Coming from a military intelligence background, focusing on the financing of terrorist groups, I saw the power of the dollar over bad actors. A dollar removed from their back pocket, or to that end, in the pocket of others, sometimes had more of an effect than a bomb or a bullet. If we can influence the battlefield, by reducing money flows and reducing the chance of our troops ending up in kinetic actions, then it is an obvious course of action to take.
This is the mentality I had when I first started applying my conventional military training to the cyber domain a decade ago. So, when leading voices like Ciaran Martin suggest that it is time to ban ransom payments to threat actors in the cyber domain, it is hard not to agree. There will always be arguments for and against it, but it is clear that the current approach is not working. And where we there have been efforts to stop public sector entities paying ransoms, or preventing payments to groups that are identified as terrorist entities or are on sanctions lists, we have also seen a reduction in these regions, sectors or entities being targeted.

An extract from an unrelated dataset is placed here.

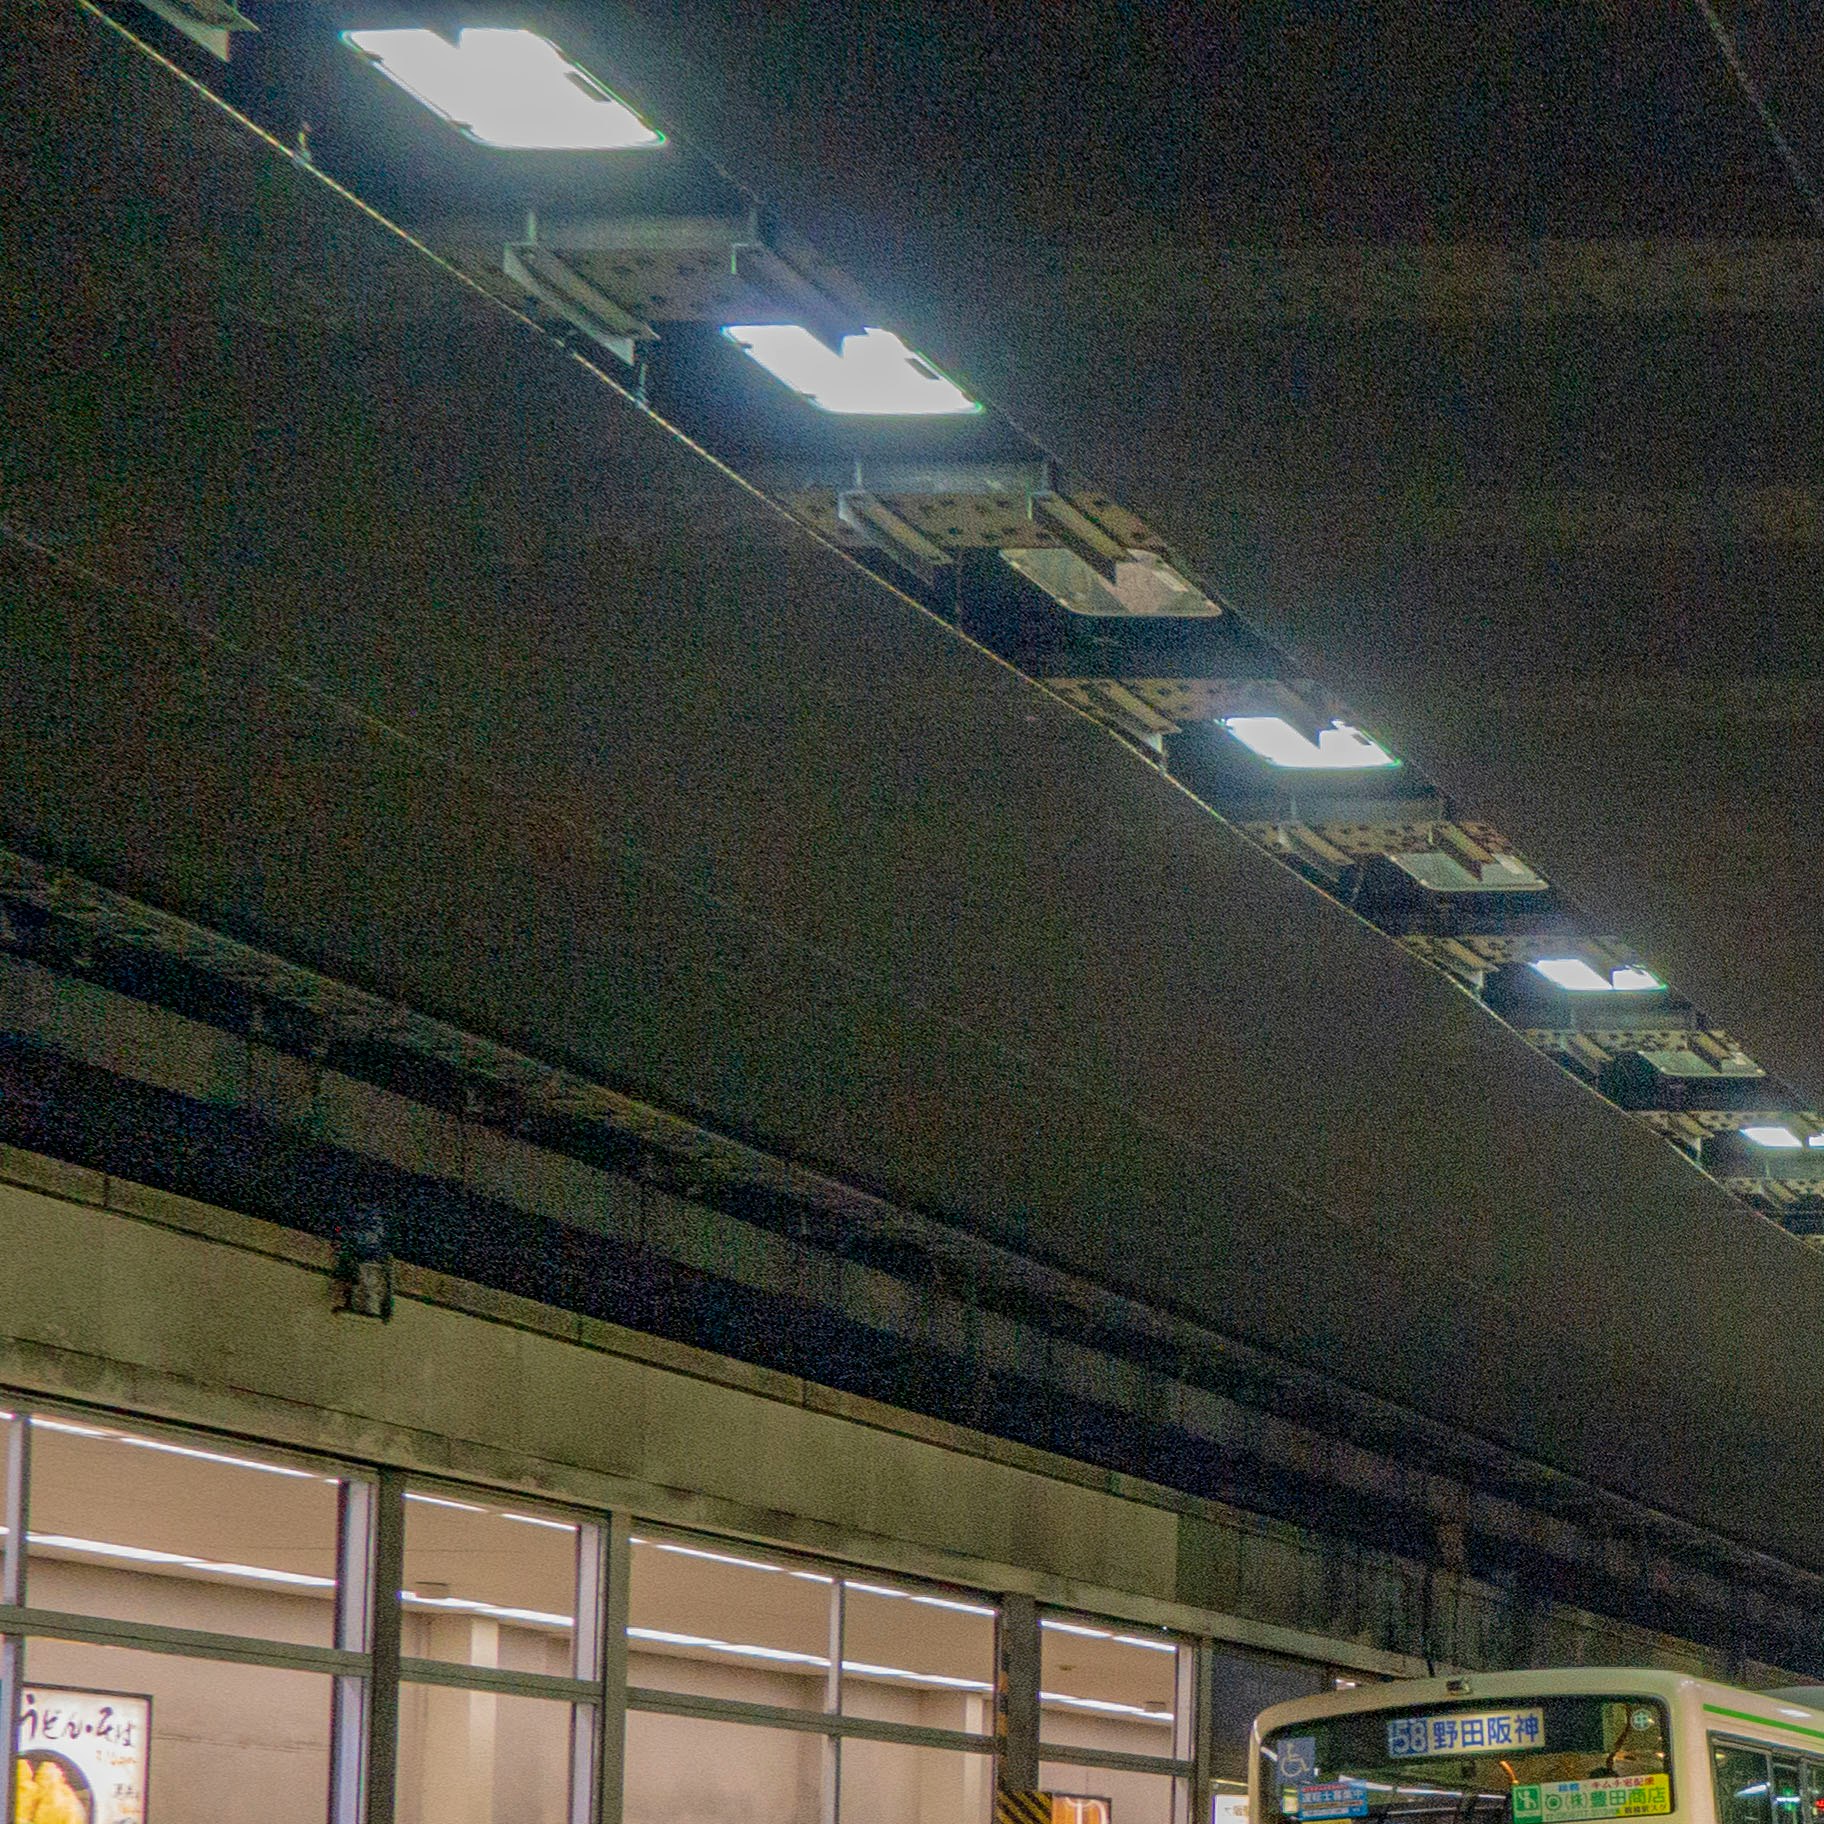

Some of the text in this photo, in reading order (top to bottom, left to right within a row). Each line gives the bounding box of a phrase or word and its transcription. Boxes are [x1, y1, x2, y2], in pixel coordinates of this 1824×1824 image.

[1390, 1713, 1538, 1755] 58 野田阪神

Payments made to these groups are also likely to be used to fund additional nefarious or illicit crimes. There are also likely to help fund the economies that allow them to operate from so freely, and line the pockets of corrupt officials in states that wish to undermine our way of life.

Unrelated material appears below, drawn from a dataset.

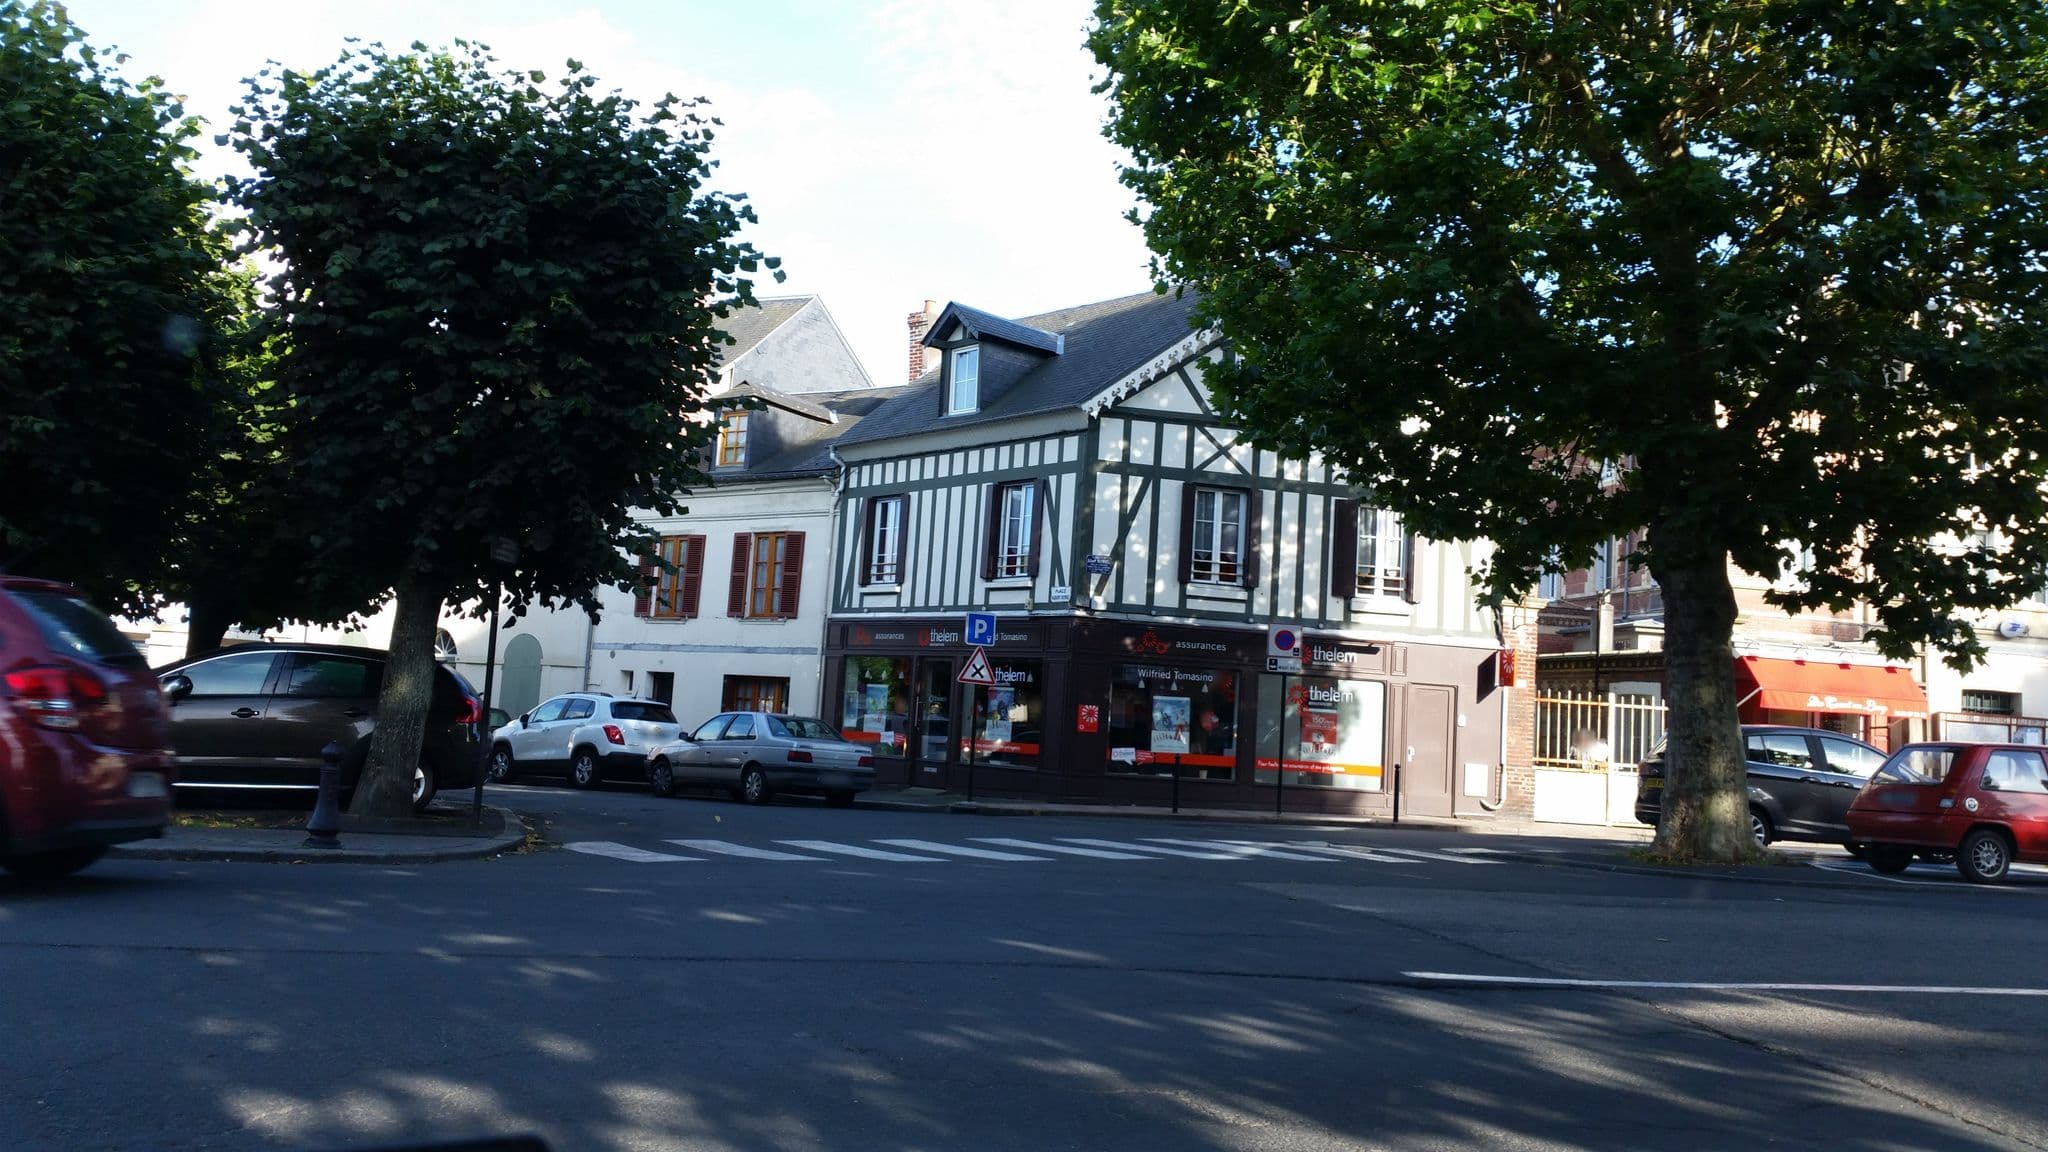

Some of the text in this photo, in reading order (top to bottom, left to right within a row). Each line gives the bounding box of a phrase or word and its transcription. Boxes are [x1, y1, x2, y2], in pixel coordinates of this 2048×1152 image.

[974, 619, 988, 639] P
[1000, 632, 1028, 641] Tomasino
[1175, 640, 1227, 652] assurances
[1137, 668, 1214, 682] Wilfried Tomasino

Recent operations from the NCA and their international peers against the LockBit ransomware group were a great coup. Using the group’s own psychological and information operations against them was great to see and I take my hat off to them. With a combination of effective law enforcement actions and the lowering of the likelihood of earning money from being a bad actor, can have a real and tangible affect.
In the military, when we removed money from the back pockets of certain terrorists, we saw a direct reduction in their activities. Others would become more desperate, make mistakes, or make enough noise in their discontent that they made it easier for us to target them. This is the same principle.
Much like in some countries where banks are tasked with identifying and preventing extortion payments, crypto exchanges should also be prevented from handling payments linked to crimes such as ransomware, putting even more pressure on these actors. Although the regulation and supervision of these entities is a whole other discussion.
There are several arguments against banning ransom payments, but I do have one significant concern above all others. It is possible that it will shift threat actors’ attentions away from corporate entities and towards fraud-based activity targeting individuals. This level of capability in an actor being directed towards mass fraud scams of the public will ultimately shift the problem onto those who cannot afford it. This is why governments, telecommunications providers, infrastructure providers, service providers, domain and email providers must all do more to reduce the ability of threat actors to operate as freely as they do.
Banning ransom payments is a good and right step forward, but must be done at the same time as providing additional resources to law enforcement and intelligence agencies. Additional requirements also need to be put on the providers of systems and infrastructures used by these actors. In the UK we have a national cyber security strategy but it is not joined up enough to deal with this threat affectively. A ransomware task force with the remit to push change in multiple government departments, agencies, arm’s length bodies and law enforcement is needed to make the ban both effective and limit unintended consequences.